*** Block opens ***

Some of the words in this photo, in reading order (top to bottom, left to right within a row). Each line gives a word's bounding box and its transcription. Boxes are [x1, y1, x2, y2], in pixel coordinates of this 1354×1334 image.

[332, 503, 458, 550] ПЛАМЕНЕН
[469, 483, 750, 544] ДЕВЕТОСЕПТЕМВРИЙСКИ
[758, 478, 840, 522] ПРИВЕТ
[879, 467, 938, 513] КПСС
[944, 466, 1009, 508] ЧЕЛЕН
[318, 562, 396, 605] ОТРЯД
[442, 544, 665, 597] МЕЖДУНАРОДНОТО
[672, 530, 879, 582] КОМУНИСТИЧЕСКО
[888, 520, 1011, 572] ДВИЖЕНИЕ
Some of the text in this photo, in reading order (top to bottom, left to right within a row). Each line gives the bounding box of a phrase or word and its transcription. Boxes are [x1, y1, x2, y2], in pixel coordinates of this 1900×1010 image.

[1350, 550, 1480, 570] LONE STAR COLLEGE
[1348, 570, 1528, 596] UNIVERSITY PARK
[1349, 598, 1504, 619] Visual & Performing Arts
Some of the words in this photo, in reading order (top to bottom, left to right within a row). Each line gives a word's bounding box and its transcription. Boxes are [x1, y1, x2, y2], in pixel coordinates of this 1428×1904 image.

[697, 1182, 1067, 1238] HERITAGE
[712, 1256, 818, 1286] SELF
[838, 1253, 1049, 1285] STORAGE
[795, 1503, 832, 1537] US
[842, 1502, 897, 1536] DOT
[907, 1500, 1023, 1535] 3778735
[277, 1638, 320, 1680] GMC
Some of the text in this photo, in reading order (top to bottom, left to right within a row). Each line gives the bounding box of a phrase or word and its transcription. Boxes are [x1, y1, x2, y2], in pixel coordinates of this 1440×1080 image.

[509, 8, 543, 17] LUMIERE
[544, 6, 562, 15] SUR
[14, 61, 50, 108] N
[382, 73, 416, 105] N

*** Block closes ***

Set down the data once more, exactly as shown above.

▸ **Solution for this task**:
Some of the words in this photo, in reading order (top to bottom, left to right within a row). Each line gives a word's bounding box and its transcription. Boxes are [x1, y1, x2, y2], in pixel coordinates of this 1354×1334 image.

[332, 503, 458, 550] ПЛАМЕНЕН
[469, 483, 750, 544] ДЕВЕТОСЕПТЕМВРИЙСКИ
[758, 478, 840, 522] ПРИВЕТ
[879, 467, 938, 513] КПСС
[944, 466, 1009, 508] ЧЕЛЕН
[318, 562, 396, 605] ОТРЯД
[442, 544, 665, 597] МЕЖДУНАРОДНОТО
[672, 530, 879, 582] КОМУНИСТИЧЕСКО
[888, 520, 1011, 572] ДВИЖЕНИЕ
Some of the text in this photo, in reading order (top to bottom, left to right within a row). Each line gives the bounding box of a phrase or word and its transcription. Boxes are [x1, y1, x2, y2], in pixel coordinates of this 1900×1010 image.

[1350, 550, 1480, 570] LONE STAR COLLEGE
[1348, 570, 1528, 596] UNIVERSITY PARK
[1349, 598, 1504, 619] Visual & Performing Arts
Some of the words in this photo, in reading order (top to bottom, left to right within a row). Each line gives a word's bounding box and its transcription. Boxes are [x1, y1, x2, y2], in pixel coordinates of this 1428×1904 image.

[697, 1182, 1067, 1238] HERITAGE
[712, 1256, 818, 1286] SELF
[838, 1253, 1049, 1285] STORAGE
[795, 1503, 832, 1537] US
[842, 1502, 897, 1536] DOT
[907, 1500, 1023, 1535] 3778735
[277, 1638, 320, 1680] GMC
Some of the text in this photo, in reading order (top to bottom, left to right within a row). Each line gives the bounding box of a phrase or word and its transcription. Boxes are [x1, y1, x2, y2], in pixel coordinates of this 1440×1080 image.

[509, 8, 543, 17] LUMIERE
[544, 6, 562, 15] SUR
[14, 61, 50, 108] N
[382, 73, 416, 105] N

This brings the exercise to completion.